Hormuz has reached India by way of Venezuela.
BBC reports that Delcy Rodriguez arrived in India on Wednesday for talks in which energy ties sit at the center of a broader trade and investment agenda. The same account says India imports about 90 percent of its oil and that roughly half of its crude imports, around 2.5 million to 2.7 million barrels a day, normally pass through the Strait of Hormuz. [1]
That makes Caracas more than a diplomatic visitor. BBC, citing Kpler, says Venezuela was India's fifth-largest crude supplier in May, at about 266,000 barrels a day, or 5.3 percent of Indian crude imports. June arrivals are expected above 300,000 barrels a day, advancing the paper's Tuesday warning that Hormuz and Bab el Mandab threats needed ship receipts. The receipt here is an importer adding barrels from a different political geography as Hormuz risk makes route diversity more valuable. [1]
The paper's Tuesday energy brief said Hormuz and Bab el Mandab threats needed ship receipts, while its EIA source note warned that federal oil pages must be dated and current. Wednesday's India story is the second-order receipt. A chokepoint becomes real when a refinery changes the shopping list. [1] [2]

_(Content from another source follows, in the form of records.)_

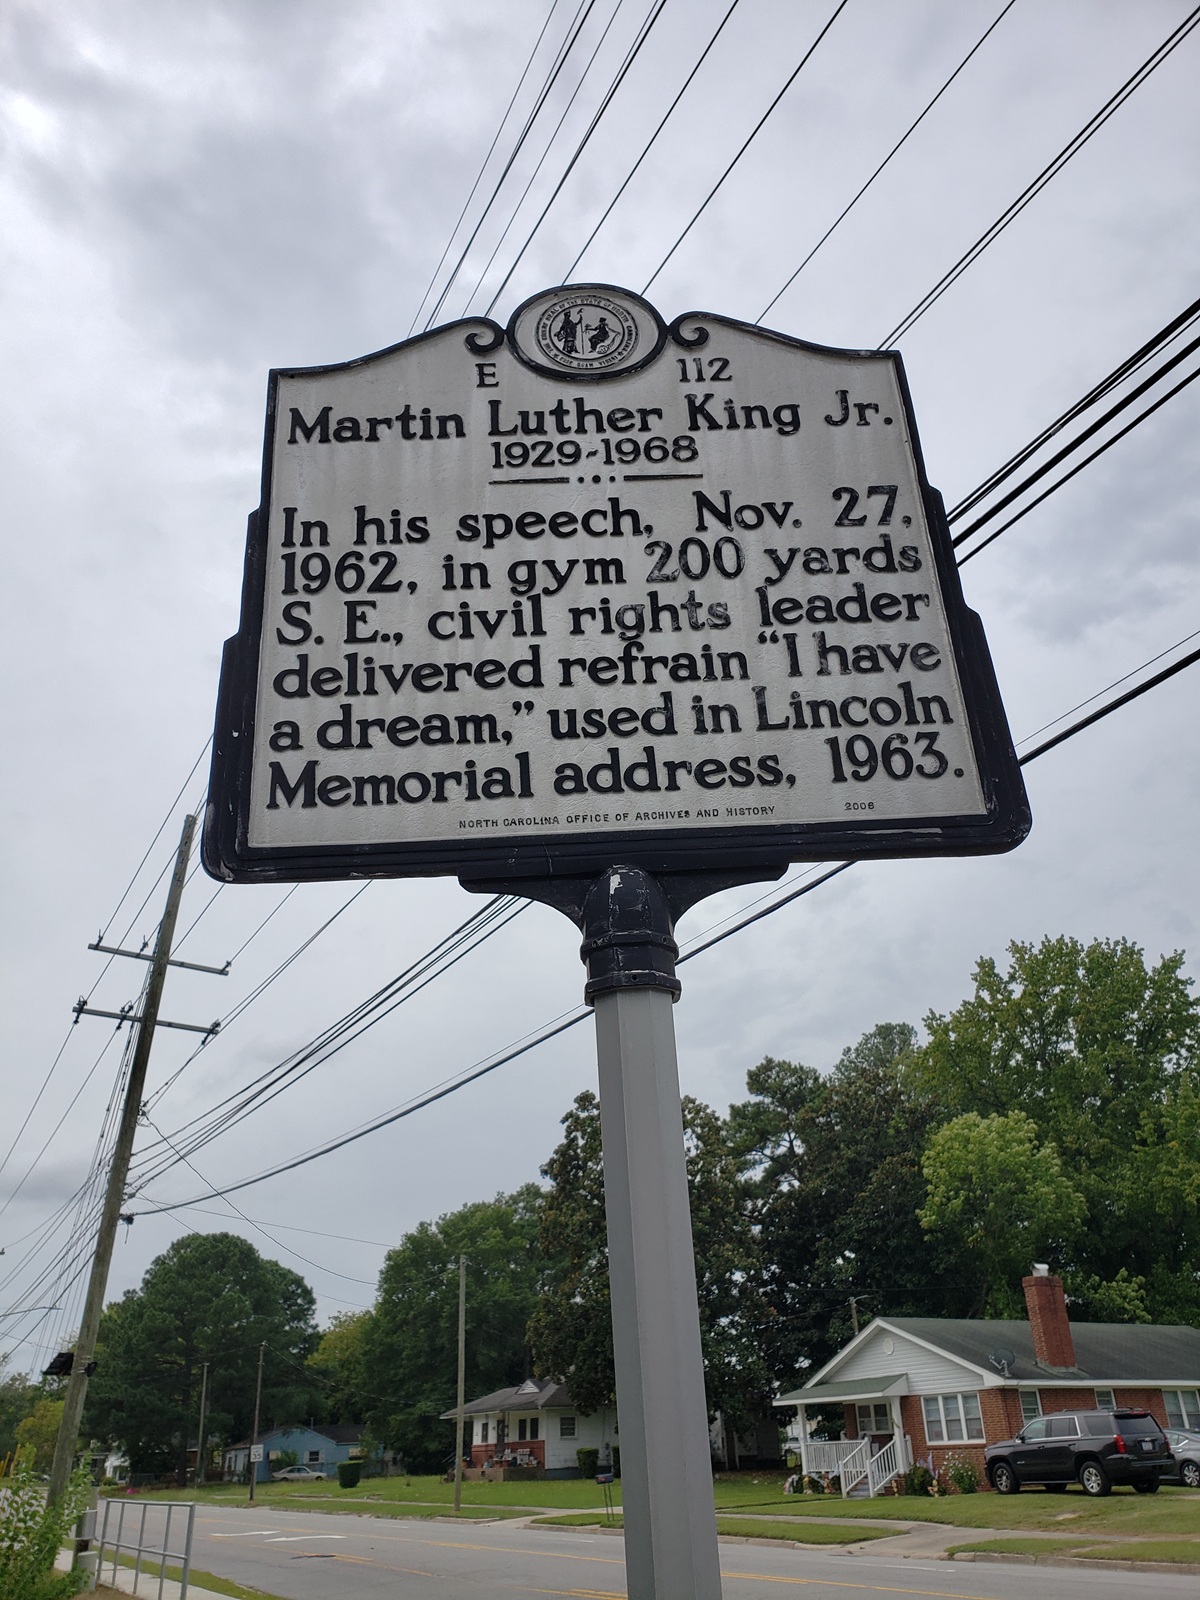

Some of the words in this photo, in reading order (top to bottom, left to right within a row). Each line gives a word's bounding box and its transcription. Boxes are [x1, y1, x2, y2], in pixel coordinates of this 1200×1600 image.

[475, 363, 500, 389] E
[676, 357, 733, 384] 112
[286, 404, 467, 446] Martin
[487, 396, 663, 437] Luther
[683, 392, 801, 437] King
[823, 389, 894, 428] Jr.
[490, 435, 700, 470] 1929-1968
[280, 506, 331, 549] In
[352, 504, 431, 547] his
[455, 496, 654, 551] speech,
[691, 489, 803, 533] Nov.
[831, 484, 913, 529] 27,
[280, 550, 419, 597] 1962,
[441, 553, 492, 592] in
[506, 556, 628, 598] gym
[643, 535, 746, 584] 200
[763, 532, 924, 587] yards
[275, 600, 325, 647] S.
[343, 599, 404, 648] E.,
[427, 592, 548, 641] civil
[567, 589, 732, 641] rights
[754, 581, 931, 629] leader
[272, 643, 545, 700] delivered
[557, 640, 752, 689] refrain
[811, 630, 943, 677] have
[267, 720, 304, 752] a
[546, 690, 679, 742] used
[691, 694, 743, 736] in
[751, 680, 954, 733] Lincoln
[265, 751, 535, 810] Memorial
[552, 745, 797, 797] address,
[823, 731, 966, 784] 1963.
[458, 819, 499, 829] NORTH
[503, 815, 560, 827] CAROLINA
[566, 813, 610, 824] OFFICE
[615, 812, 629, 821] OF
[635, 808, 691, 821] ARCHIVES
[696, 808, 719, 819] AND
[726, 805, 775, 817] HISTORY
[844, 801, 875, 811] 2006

BBC's Hormuz sailor account supplies the waterline: 20,000 sailors, 1,600 ships, failed crossing attempts, and crews stuck behind the Gulf's only exit. EIA supplies the official macro context through its global oil forecast page. The Indian sourcing story sits between them. It is not a slogan about de-dollarization; it is an importer trying not to have half its crude route hostage to one strait. [2] [3]

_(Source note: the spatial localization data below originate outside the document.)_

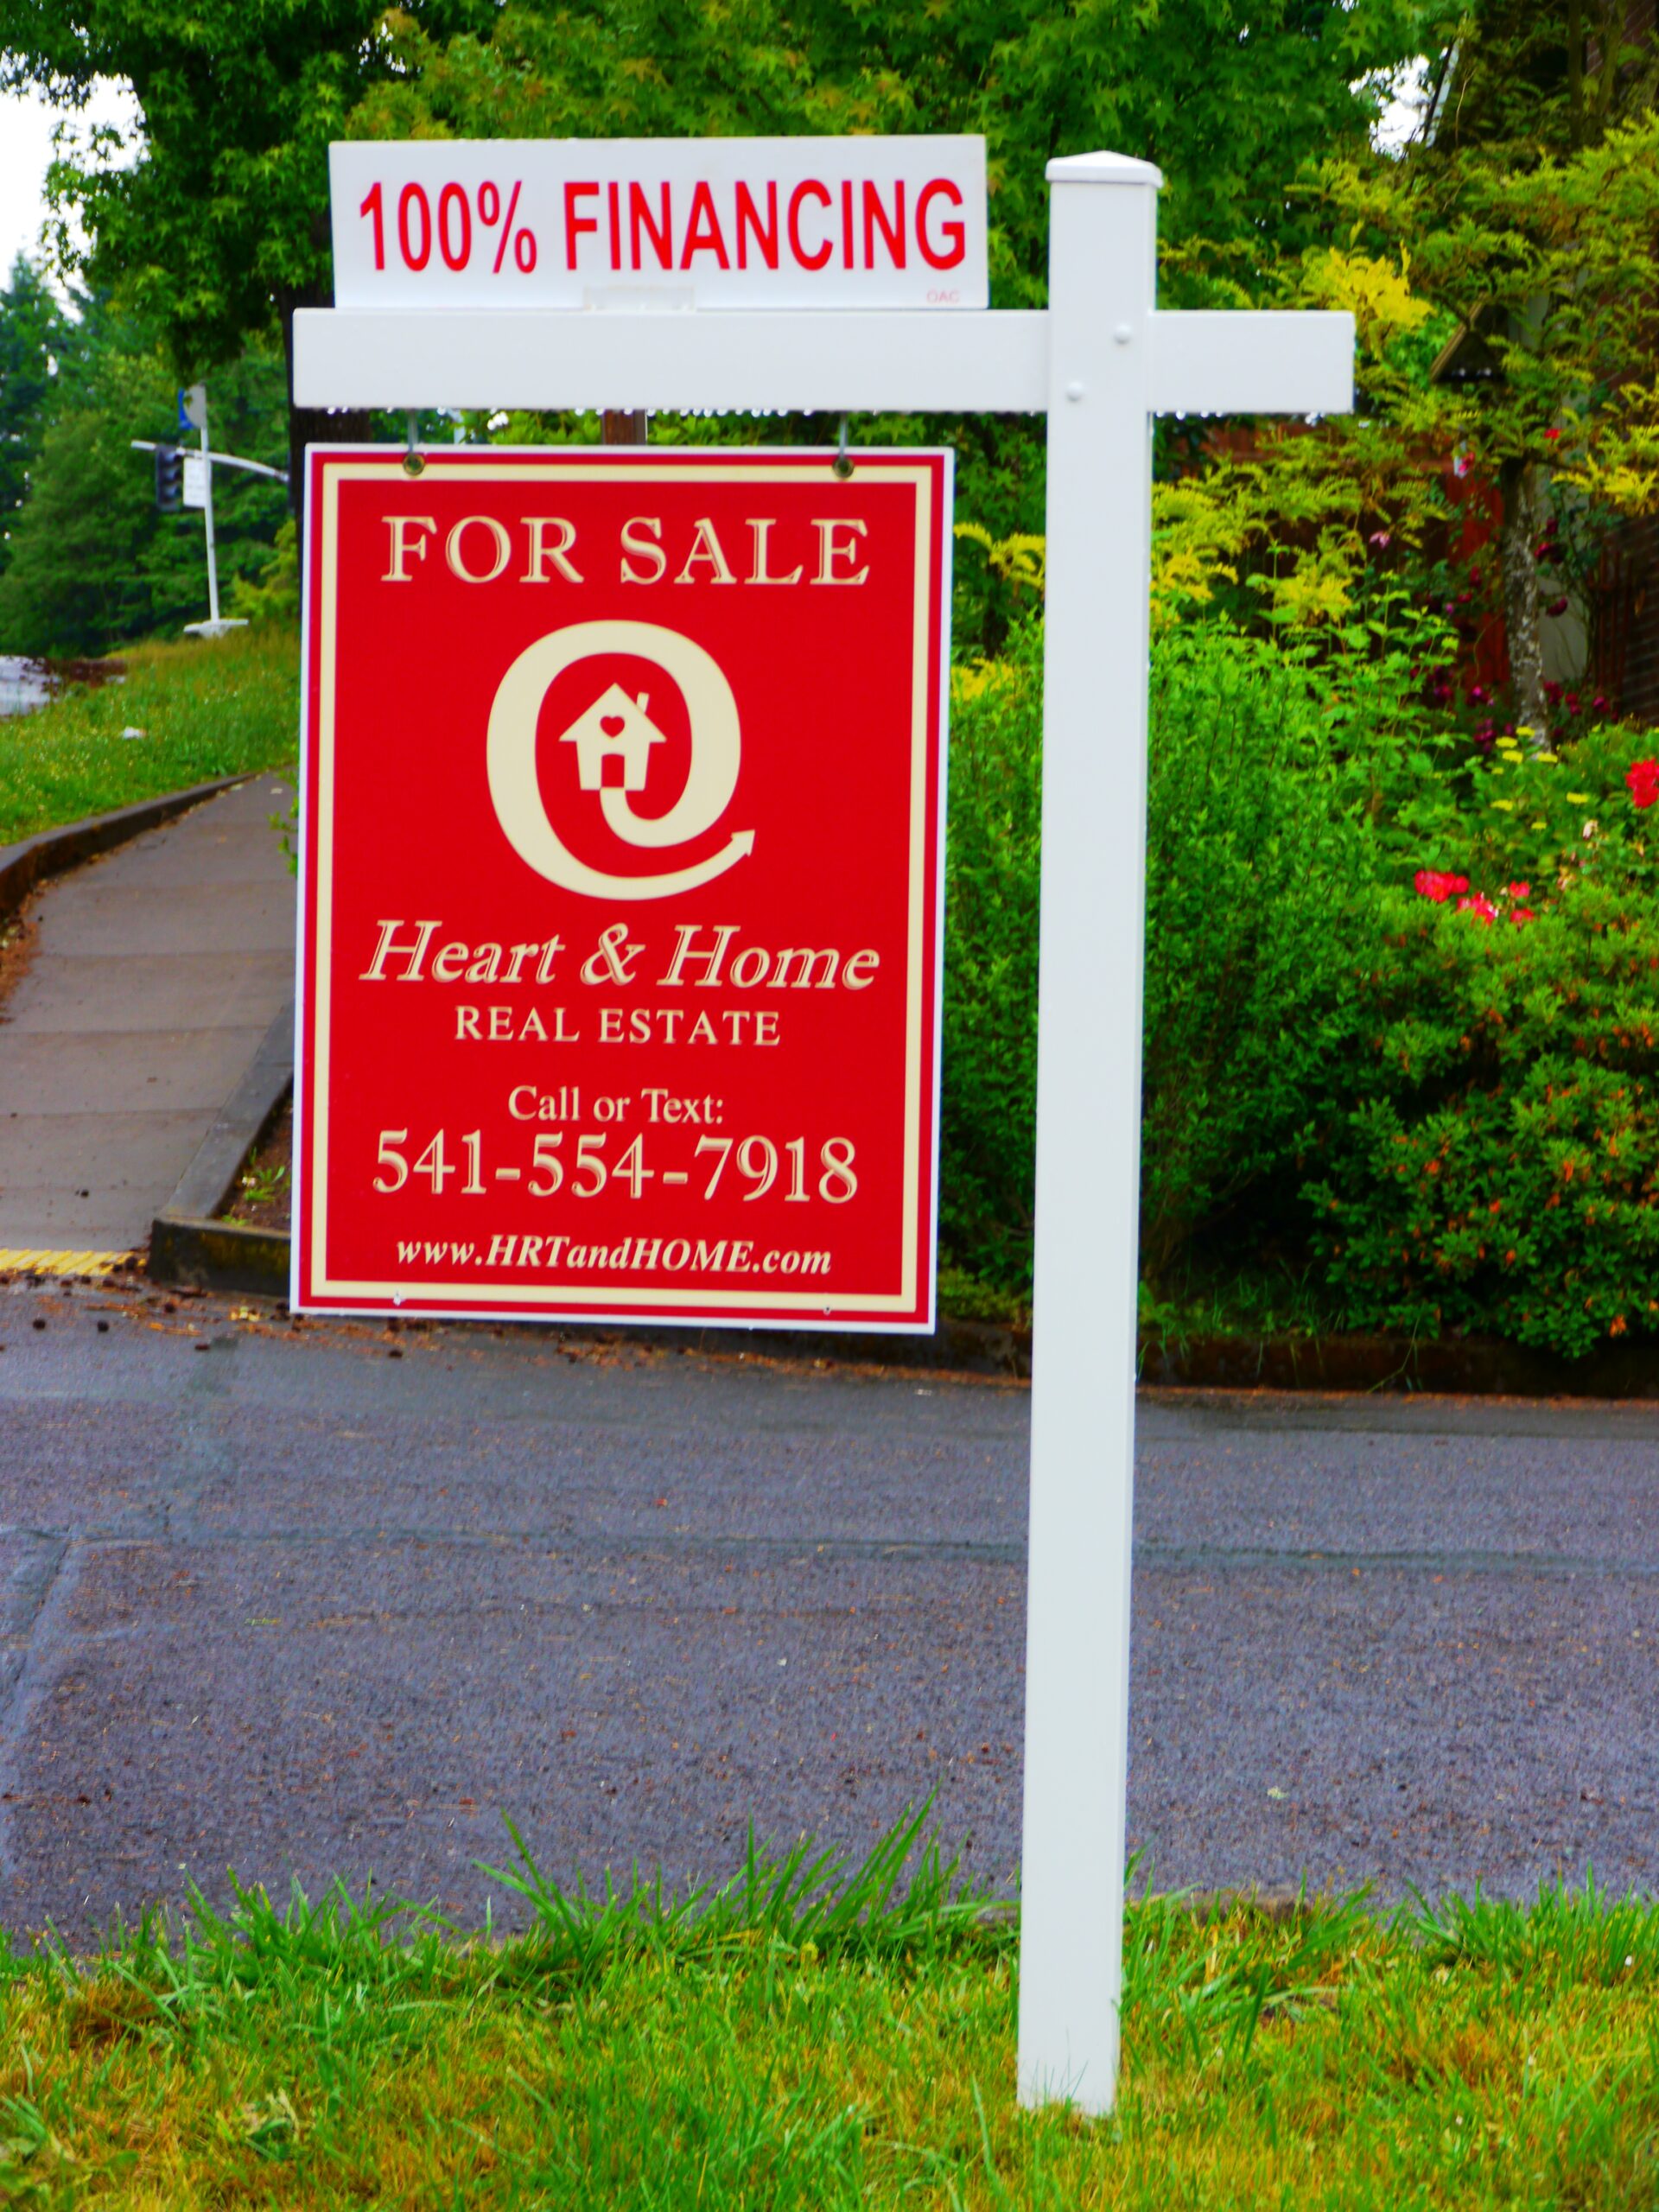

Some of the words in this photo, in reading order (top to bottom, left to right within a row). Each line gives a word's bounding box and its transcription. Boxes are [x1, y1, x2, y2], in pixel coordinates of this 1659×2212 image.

[359, 180, 537, 274] 100%
[563, 177, 966, 272] FINANCING
[381, 516, 585, 583] FOR
[620, 517, 870, 585] SALE
[359, 919, 565, 984] Heart
[580, 922, 646, 985] &
[657, 925, 880, 989] Home
[454, 1006, 580, 1042] REAL
[599, 1008, 781, 1046] ESTATE
[507, 1085, 580, 1121] Call
[593, 1097, 631, 1122] or
[640, 1088, 724, 1124] Text:
[372, 1128, 859, 1204] 541-554-7918
[397, 1234, 832, 1275] www.HRTandHOME.com

The Venezuelan barrel is not a perfect substitute for Gulf crude, and the BBC account does not claim that it is. Refineries buy grades, shipping windows, sanctions exposure, and political risk, not abstract oil. That is why the Kpler numbers matter more than the diplomatic choreography. They put volume next to motive without pretending that one visit rewrites India's whole energy map. [1]
Online discourse will make the story larger than the evidence. One camp will call it sanctions hypocrisy. Another will call it multipolar victory. A third will see proof that the Gulf route is finished. The BBC record supports none of those sweeping sentences. It supports a more practical one: Venezuela has become more useful to India because Hormuz risk has made distance less important than route diversity. [1]
That is how energy shocks spread. First they are missiles, mines, insurance alerts, and trapped ships. Then they become refinery schedules, ministry meetings, tanker origins, and crude assays. Delhi is not just reading the war. It is buying with that risk in mind.